Flames licked all day at the boundary of the 28,000-acre laboratory site, home to the nation's largest supply of nuclear weapons, as fire crews scurried to douse spot fires carried onto the grounds by winds from the leading edge of the blaze.

The laboratory was shut down, and the adjacent town of Los Alamos, home to about 12,000 people, was placed under a mandatory evacuation earlier.

But lab officials said on Monday night that radioactive and hazardous materials were safely beyond the fire's reach, and that efforts in recent years to clear the area of dry brush and other potential "ground fuels" had paid off in helping firefighters keep the blaze at bay.

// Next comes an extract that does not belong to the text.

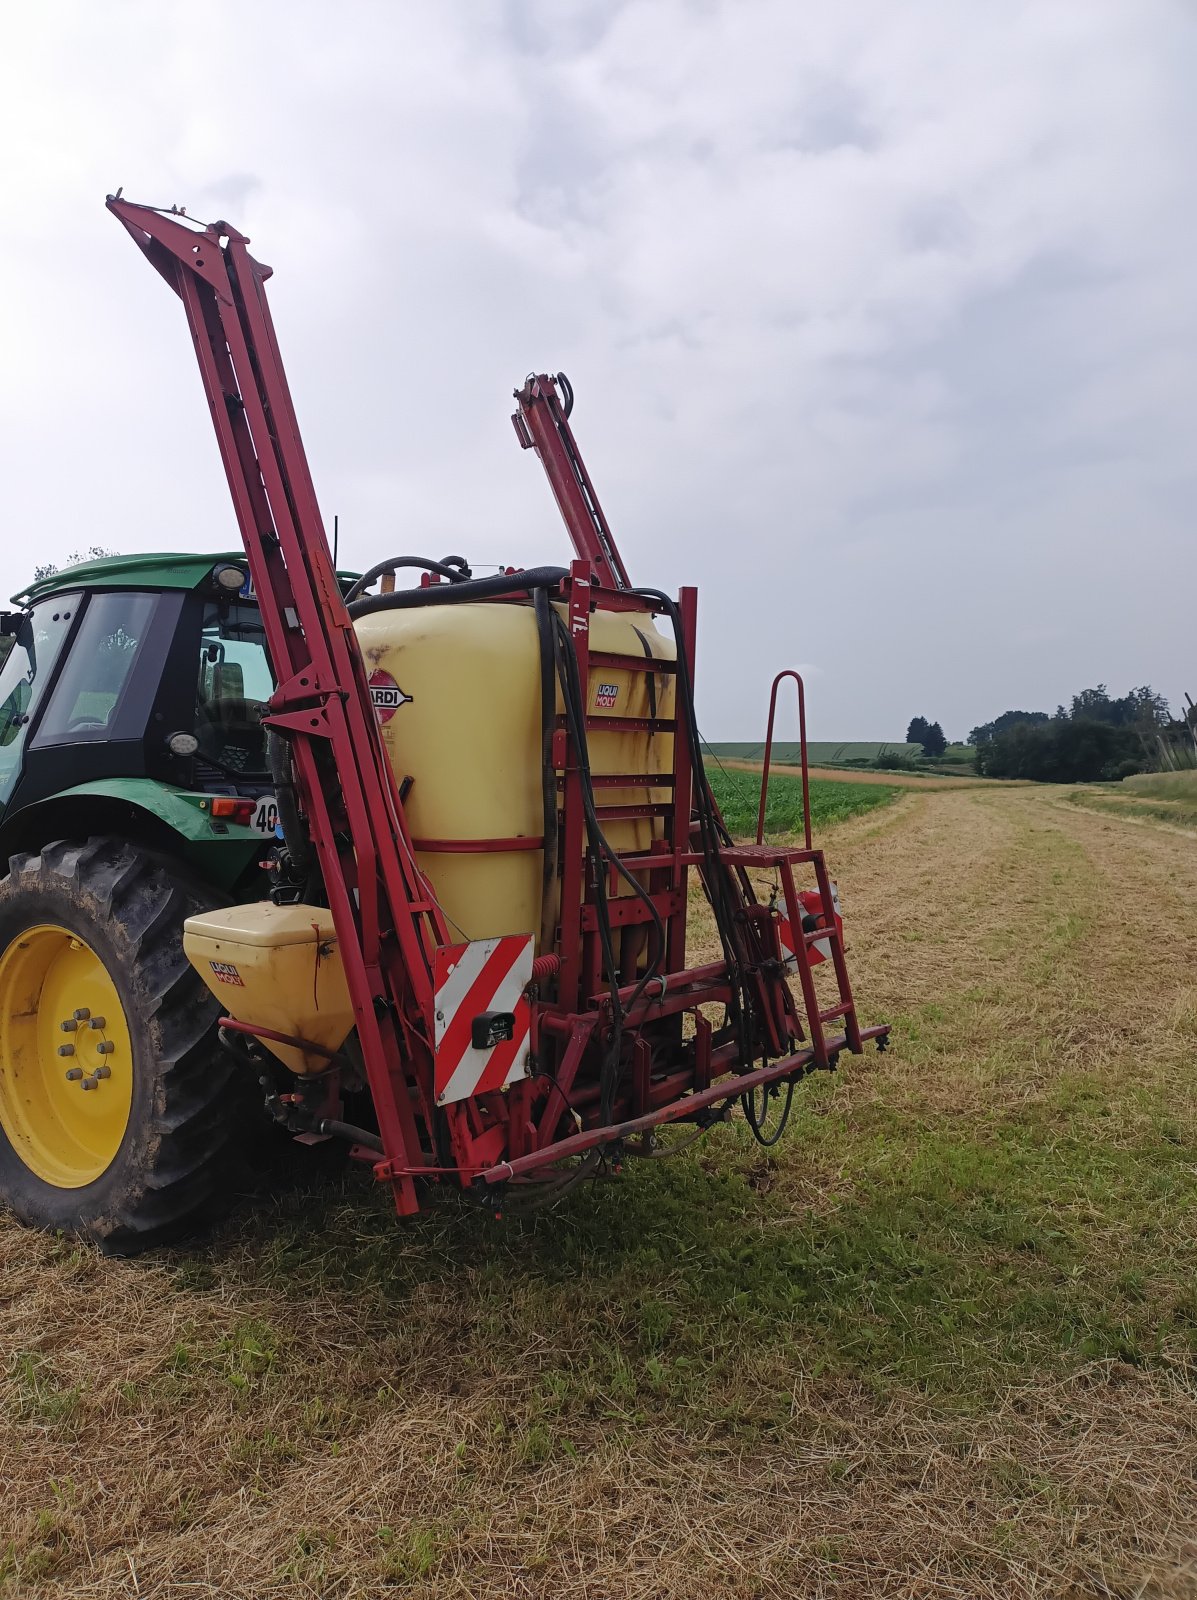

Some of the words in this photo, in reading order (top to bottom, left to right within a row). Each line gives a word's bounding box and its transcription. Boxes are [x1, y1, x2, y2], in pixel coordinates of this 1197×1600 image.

The facility has called in special teams to track readings from a network of 60 monitoring stations that measure levels of substances such as plutonium and uranium in the air "as a precaution," said lab director Charles McMillan.

"The health and safety of this community and our neighbors is our highest priority," he said.

Earlier in the day, Los Alamos National Laboratory and National Nuclear Security Administration officials briefed members of New Mexico's congressional delegation, as well as Governor Susana Martinez, about the fire's potential impacts on the lab.

As of late Monday, the so-called Las Conchas Fire had scorched more than 50,000 acres in and around the Santa Fe National Forest, creeping to within 4 miles of the center of the town of Los Alamos, Lujan said.

In addition to trying to carve containment lines around the outer flanks of the blaze, a key focus of firefighting efforts was in holding the line against spot blazes that occasionally edged over State Highway 4 and onto the property of the national laboratory.

At least once ground crews had to work for two hours to extinguish flames that burned about an acre of the laboratory grounds near the southwest boundary of the site, located some 25 miles outside of Santa Fe.